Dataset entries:
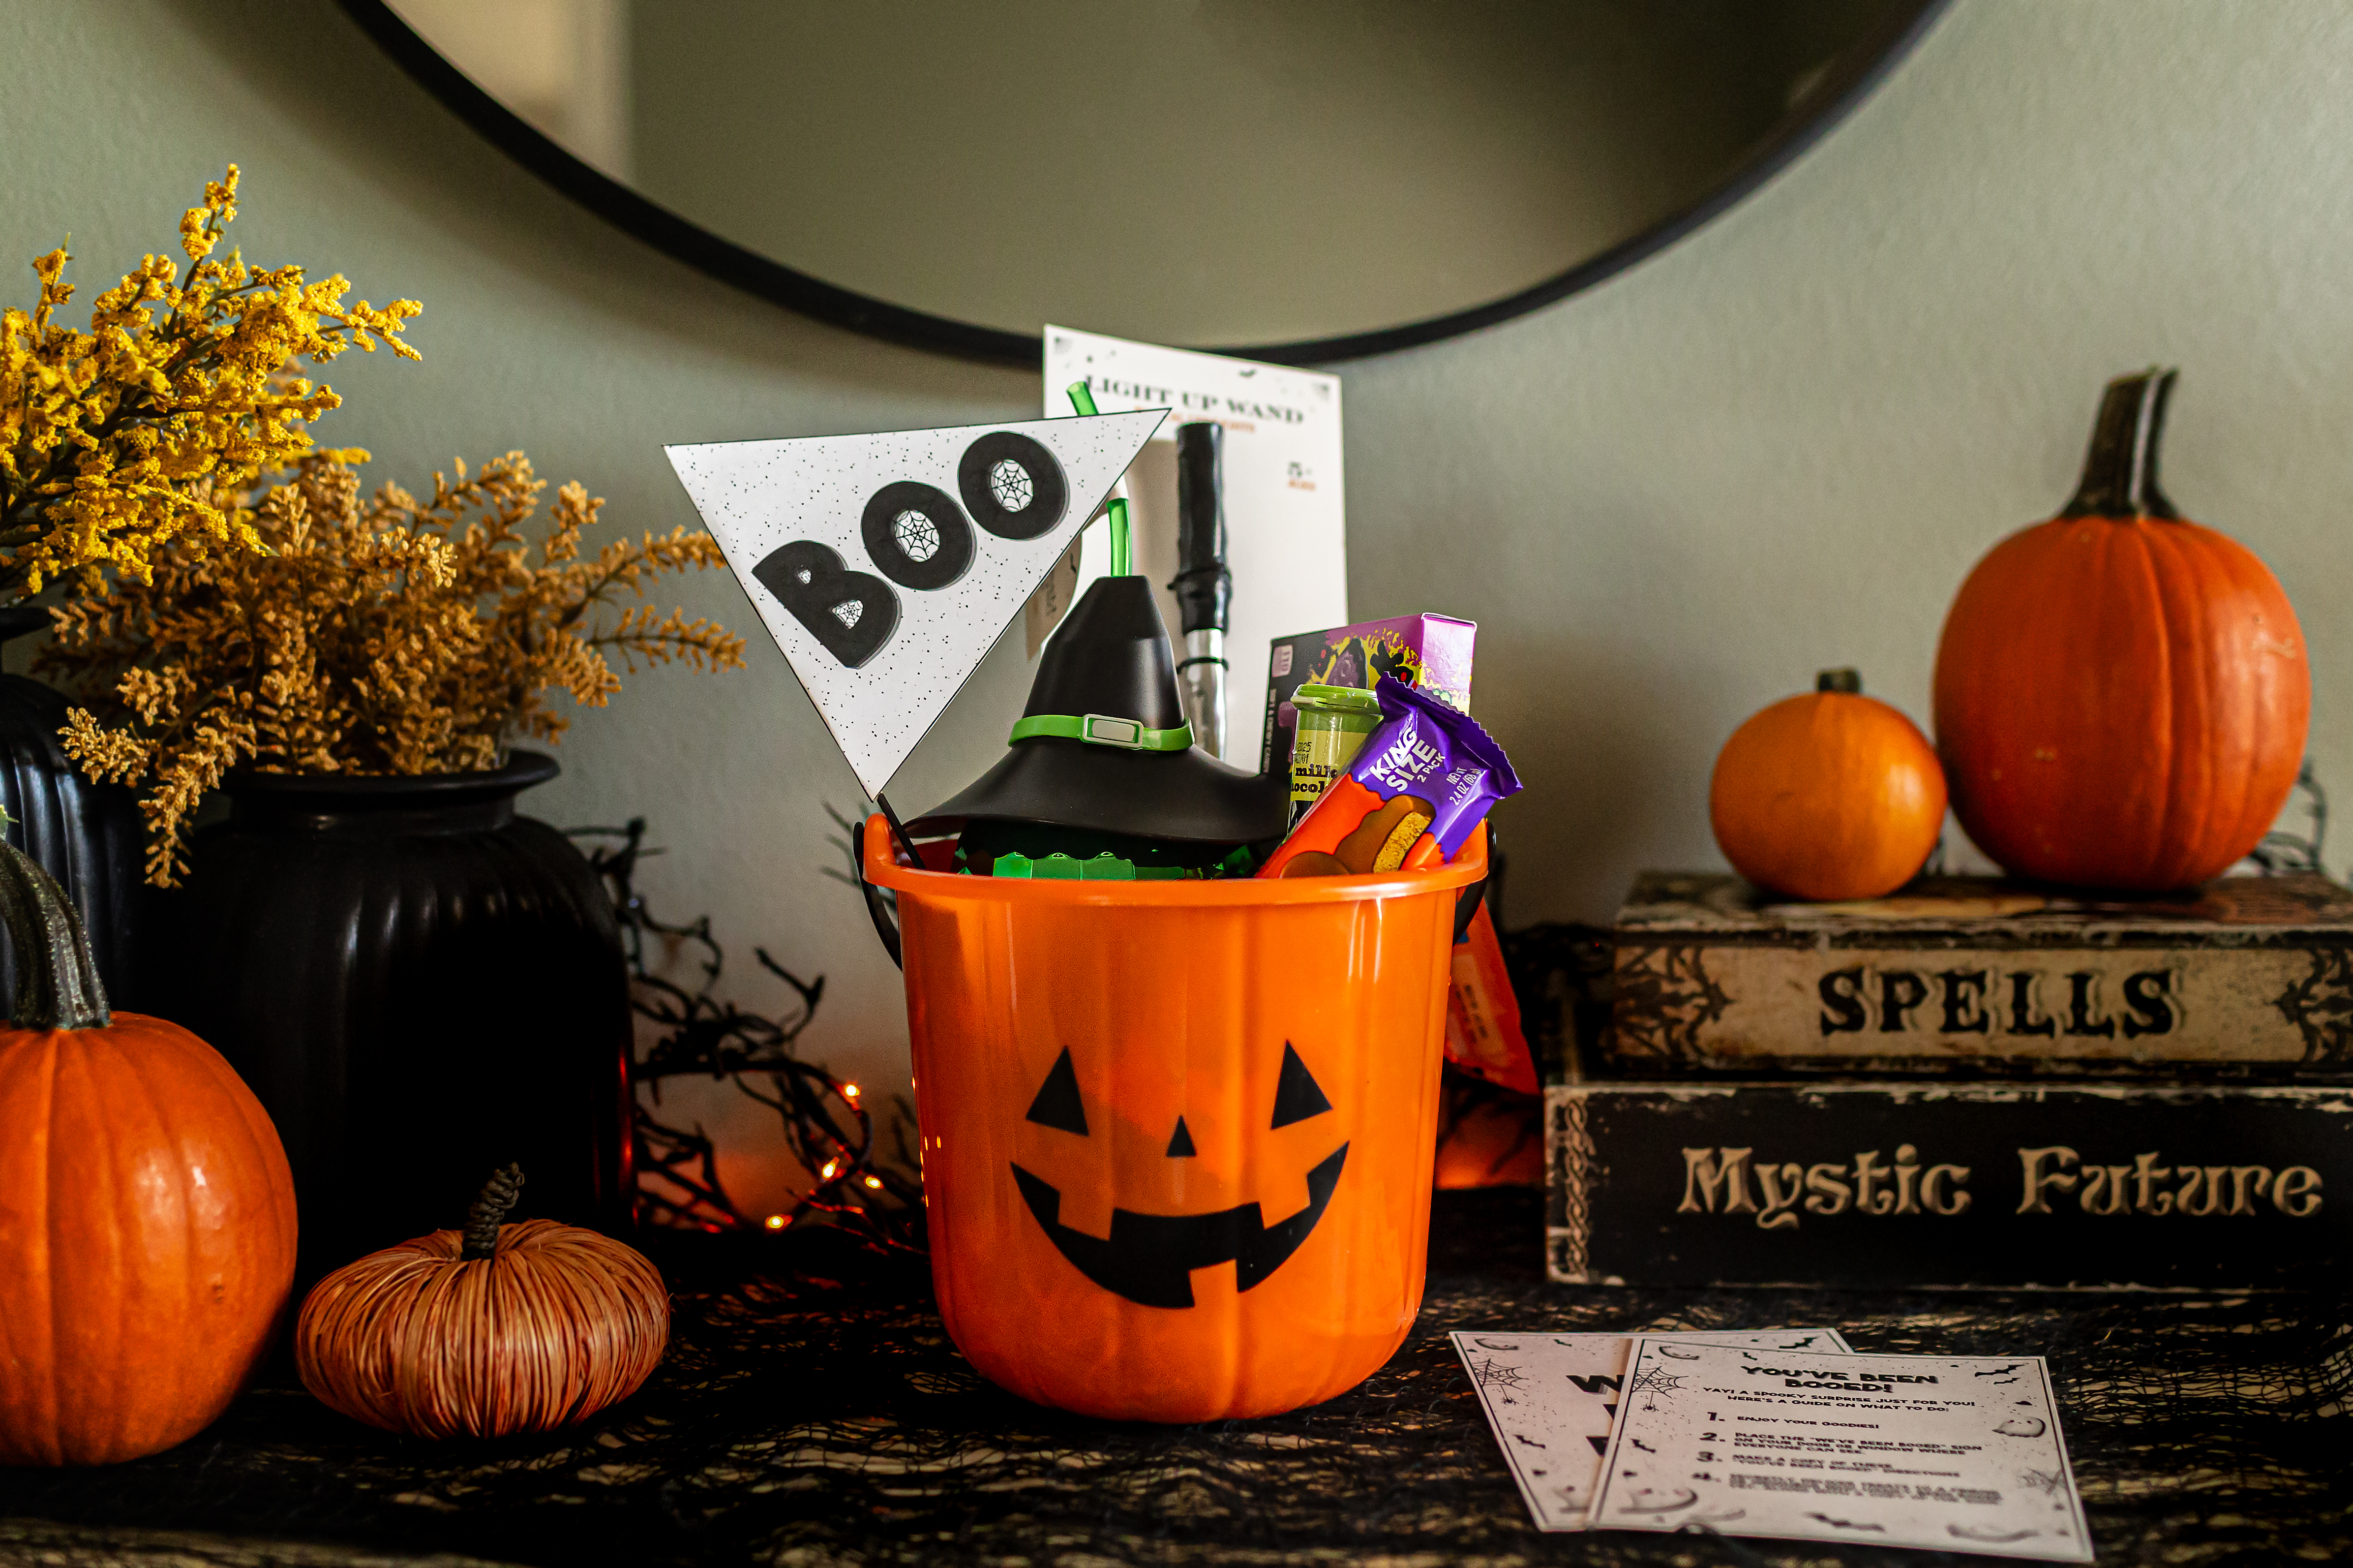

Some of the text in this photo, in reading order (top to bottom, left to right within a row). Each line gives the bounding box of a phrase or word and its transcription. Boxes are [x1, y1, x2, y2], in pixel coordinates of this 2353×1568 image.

[1084, 375, 1173, 404] LIGHT
[1182, 392, 1219, 410] UP
[1226, 397, 1305, 423] WAND
[752, 430, 1070, 669] BOO
[1369, 726, 1417, 782] KING
[1386, 740, 1437, 792] SIZE
[1417, 752, 1445, 782] 2 PACK
[1449, 790, 1463, 806] 2.4
[1457, 781, 1469, 795] OZ
[1817, 964, 2176, 1040] SPELLS
[1676, 1143, 2324, 1229] Mystic Future
[1740, 1366, 1939, 1384] YOU'VE BEEN
[1785, 1378, 1894, 1393] BOOED!
[1811, 1395, 1871, 1403] SURPRISE
[1707, 1411, 1726, 1422] 1.
[1699, 1432, 1726, 1442] 2.

▶ [Task prompt]
Output each entry above word for word. The pictures stay out.

▶ [Your solution]
Some of the text in this photo, in reading order (top to bottom, left to right within a row). Each line gives the bounding box of a phrase or word and its transcription. Boxes are [x1, y1, x2, y2], in pixel coordinates of this 2353×1568 image.

[1084, 375, 1173, 404] LIGHT
[1182, 392, 1219, 410] UP
[1226, 397, 1305, 423] WAND
[752, 430, 1070, 669] BOO
[1369, 726, 1417, 782] KING
[1386, 740, 1437, 792] SIZE
[1417, 752, 1445, 782] 2 PACK
[1449, 790, 1463, 806] 2.4
[1457, 781, 1469, 795] OZ
[1817, 964, 2176, 1040] SPELLS
[1676, 1143, 2324, 1229] Mystic Future
[1740, 1366, 1939, 1384] YOU'VE BEEN
[1785, 1378, 1894, 1393] BOOED!
[1811, 1395, 1871, 1403] SURPRISE
[1707, 1411, 1726, 1422] 1.
[1699, 1432, 1726, 1442] 2.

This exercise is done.